The issue you describe is explained by ECR configuration, not a CodeBuild variance.

Run the following on a managed image:

  - echo $AWS_ACCESS_KEY_ID
  - echo $AWS_SECRET_ACCESS_KEY
  - echo $AWS_SESSION_TOKEN

  - cd /
  - ls
  - cd ~
  - ls
  - cd ~/.aws
  - ls

Notice that CodeBuild is locked down. It won't echo the environment variables needed, and it won't allow you to see the physical files either. This possibly indicates a difference in mechanism: You are trying to use environment variables, but the managed image is provisioned with physical files, so the managed image doesn't need to run aws configure.

This seems to indicate that you should provision the custom container with aws pre-configured as well, but this means you will commit to ECR or wherever else with plain text KEY_ID and ACCESS_KEY barring very elaborate workarounds. In addition, you cannot pre-configure AWS_SESSION_TOKEN as it will time out after some time. Again, you could configure some systems to give a fixed session an infinite timeout, but this is an antipattern because the session token time out is a security feature.

Instead of doing all that, check ECR permissions and your docker install:

1 - Go to ECR permissions and add a new permission statement. Previously you probably followed the official tutorial which grants ECR permissions to codebuild.amazonaws.com. In addition to that, because your build is within a pipeline, add codepipeline.amazonaws.com and any other IAM entities which are involved should be added to the IAM entities section of the permission.

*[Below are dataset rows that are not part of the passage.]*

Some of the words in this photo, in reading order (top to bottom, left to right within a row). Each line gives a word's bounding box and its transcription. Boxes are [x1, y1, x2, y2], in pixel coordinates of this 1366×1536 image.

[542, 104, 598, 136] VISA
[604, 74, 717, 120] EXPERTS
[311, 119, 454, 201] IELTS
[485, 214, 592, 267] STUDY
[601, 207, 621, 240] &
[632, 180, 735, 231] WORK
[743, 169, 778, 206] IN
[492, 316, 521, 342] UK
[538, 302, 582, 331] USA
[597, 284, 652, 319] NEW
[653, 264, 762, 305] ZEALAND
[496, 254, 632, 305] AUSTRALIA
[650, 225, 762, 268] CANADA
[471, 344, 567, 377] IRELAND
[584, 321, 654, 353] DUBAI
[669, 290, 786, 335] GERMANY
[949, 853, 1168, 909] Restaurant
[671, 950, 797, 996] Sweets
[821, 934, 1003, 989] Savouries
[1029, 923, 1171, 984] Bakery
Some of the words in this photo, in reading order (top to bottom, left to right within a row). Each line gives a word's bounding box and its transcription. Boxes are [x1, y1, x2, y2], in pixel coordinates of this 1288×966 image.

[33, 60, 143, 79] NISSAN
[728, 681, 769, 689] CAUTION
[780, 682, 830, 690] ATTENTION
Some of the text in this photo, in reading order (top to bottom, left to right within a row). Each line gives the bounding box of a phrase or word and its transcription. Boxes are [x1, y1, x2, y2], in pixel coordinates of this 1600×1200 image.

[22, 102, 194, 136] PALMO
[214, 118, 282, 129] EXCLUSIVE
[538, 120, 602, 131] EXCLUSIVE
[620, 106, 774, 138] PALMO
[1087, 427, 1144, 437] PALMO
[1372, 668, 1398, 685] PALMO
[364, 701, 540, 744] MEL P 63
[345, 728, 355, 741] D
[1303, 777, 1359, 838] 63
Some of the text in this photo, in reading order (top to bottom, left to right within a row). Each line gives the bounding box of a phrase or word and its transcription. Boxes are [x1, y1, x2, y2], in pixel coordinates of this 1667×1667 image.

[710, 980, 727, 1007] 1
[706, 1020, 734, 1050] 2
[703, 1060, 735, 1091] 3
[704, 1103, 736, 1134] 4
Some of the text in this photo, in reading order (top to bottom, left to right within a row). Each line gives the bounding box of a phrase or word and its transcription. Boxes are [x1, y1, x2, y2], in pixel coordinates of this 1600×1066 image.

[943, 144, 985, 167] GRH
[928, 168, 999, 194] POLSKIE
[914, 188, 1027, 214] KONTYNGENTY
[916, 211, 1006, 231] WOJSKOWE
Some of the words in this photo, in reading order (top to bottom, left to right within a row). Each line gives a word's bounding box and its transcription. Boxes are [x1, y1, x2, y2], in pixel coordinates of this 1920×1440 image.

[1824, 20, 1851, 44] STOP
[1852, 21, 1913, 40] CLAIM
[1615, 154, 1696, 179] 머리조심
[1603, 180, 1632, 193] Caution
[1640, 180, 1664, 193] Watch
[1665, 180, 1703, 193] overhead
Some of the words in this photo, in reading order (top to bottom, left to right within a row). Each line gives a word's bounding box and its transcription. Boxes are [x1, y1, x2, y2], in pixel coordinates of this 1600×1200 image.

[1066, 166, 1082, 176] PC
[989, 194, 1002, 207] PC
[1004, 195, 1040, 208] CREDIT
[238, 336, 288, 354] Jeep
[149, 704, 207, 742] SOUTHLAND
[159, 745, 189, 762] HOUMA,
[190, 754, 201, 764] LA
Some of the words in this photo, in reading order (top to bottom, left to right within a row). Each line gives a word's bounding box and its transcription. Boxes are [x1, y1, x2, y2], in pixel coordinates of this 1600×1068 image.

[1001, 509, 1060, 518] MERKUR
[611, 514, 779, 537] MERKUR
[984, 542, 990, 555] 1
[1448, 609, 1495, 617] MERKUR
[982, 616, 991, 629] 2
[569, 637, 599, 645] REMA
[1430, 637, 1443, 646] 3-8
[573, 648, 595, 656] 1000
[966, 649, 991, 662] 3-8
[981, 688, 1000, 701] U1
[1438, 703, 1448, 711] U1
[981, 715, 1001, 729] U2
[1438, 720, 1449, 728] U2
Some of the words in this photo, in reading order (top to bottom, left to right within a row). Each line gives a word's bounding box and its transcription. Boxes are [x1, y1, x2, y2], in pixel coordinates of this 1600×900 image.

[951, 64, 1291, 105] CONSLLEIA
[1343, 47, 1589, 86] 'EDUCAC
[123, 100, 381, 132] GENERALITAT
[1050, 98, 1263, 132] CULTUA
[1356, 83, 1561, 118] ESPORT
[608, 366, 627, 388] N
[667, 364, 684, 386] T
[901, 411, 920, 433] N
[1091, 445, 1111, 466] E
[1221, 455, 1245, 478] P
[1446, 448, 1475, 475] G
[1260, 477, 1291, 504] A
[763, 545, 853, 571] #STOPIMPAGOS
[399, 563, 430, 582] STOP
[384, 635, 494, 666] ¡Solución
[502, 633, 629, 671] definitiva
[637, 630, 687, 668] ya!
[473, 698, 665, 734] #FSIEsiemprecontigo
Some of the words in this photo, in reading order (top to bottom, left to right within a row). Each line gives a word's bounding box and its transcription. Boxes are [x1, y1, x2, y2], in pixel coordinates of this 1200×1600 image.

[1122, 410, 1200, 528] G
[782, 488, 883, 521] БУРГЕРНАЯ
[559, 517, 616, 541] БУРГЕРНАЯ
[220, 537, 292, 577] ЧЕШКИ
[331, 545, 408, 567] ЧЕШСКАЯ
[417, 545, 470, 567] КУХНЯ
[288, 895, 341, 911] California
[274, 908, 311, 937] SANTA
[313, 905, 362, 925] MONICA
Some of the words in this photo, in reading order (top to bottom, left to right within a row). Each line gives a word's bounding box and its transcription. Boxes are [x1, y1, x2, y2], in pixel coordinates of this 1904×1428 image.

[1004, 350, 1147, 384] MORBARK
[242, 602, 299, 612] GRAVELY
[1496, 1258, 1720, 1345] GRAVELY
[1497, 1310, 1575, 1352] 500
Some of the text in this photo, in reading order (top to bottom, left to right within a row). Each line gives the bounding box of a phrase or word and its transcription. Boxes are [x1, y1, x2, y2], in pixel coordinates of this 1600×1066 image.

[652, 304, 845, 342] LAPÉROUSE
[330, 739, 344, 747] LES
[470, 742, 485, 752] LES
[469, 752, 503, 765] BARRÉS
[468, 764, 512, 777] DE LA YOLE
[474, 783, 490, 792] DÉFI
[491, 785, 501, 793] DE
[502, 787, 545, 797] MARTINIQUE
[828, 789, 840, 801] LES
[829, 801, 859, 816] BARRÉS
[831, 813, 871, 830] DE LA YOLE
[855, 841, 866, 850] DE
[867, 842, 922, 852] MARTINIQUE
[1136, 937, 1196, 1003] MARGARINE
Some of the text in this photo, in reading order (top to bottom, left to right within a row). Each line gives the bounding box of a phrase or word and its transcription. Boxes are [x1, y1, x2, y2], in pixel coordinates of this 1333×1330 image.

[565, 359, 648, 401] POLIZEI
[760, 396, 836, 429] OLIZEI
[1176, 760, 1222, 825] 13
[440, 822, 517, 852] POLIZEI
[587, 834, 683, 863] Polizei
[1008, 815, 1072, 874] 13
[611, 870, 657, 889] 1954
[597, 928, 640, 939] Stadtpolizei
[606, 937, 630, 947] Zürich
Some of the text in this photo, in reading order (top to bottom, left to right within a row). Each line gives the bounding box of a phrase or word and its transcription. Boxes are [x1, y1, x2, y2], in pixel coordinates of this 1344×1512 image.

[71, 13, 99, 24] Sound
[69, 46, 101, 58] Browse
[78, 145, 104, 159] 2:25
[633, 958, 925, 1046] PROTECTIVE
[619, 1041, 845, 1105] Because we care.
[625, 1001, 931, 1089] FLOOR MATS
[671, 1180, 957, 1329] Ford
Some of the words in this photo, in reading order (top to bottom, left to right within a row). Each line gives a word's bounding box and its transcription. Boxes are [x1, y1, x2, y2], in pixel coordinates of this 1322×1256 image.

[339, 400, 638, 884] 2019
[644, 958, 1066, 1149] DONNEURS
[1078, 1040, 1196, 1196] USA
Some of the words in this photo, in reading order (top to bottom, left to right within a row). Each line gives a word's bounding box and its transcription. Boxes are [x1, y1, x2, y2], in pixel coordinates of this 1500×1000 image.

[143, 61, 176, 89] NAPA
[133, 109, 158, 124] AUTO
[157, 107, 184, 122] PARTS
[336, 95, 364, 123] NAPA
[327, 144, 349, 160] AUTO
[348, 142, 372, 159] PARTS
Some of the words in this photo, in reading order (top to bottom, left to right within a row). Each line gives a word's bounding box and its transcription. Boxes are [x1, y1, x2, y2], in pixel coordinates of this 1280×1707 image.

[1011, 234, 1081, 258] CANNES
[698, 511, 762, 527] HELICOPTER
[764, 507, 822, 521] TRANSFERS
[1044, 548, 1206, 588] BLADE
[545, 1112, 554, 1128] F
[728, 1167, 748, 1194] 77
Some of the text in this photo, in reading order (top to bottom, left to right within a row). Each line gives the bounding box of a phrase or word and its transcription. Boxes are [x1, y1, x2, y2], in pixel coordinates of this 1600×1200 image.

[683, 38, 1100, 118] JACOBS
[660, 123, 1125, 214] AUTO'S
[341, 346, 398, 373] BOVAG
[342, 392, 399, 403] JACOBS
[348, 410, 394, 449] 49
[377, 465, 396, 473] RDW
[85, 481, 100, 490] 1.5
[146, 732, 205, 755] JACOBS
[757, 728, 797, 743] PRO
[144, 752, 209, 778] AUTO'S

2 - For docker, just check it has been installed. You mention that the custom image was missing aws cli and that you added that, but your custom image was also likely missing docker and I haven't seen you confirm that has been installed. As an example of what the error will look like, the line you mention throw something like the below if docker is not installed on Ubuntu:

/codebuild/output/tmp/script.sh: 4: /codebuild/output/tmp/script.sh: docker: not found

If docker is installed, also make sure it's running.

A final issue if you are working at an organization may be that there is a non-obvious AWS security policy in place blocking you. For example, enabling wildcard permissions is considered insecure, so one company I worked at automatically rolled back IAM users and policies which enabled wildcard access to any AWS service. Ironically, specifying specific ECR permissions on an IAM user worked while enabling all permissions failed in that case.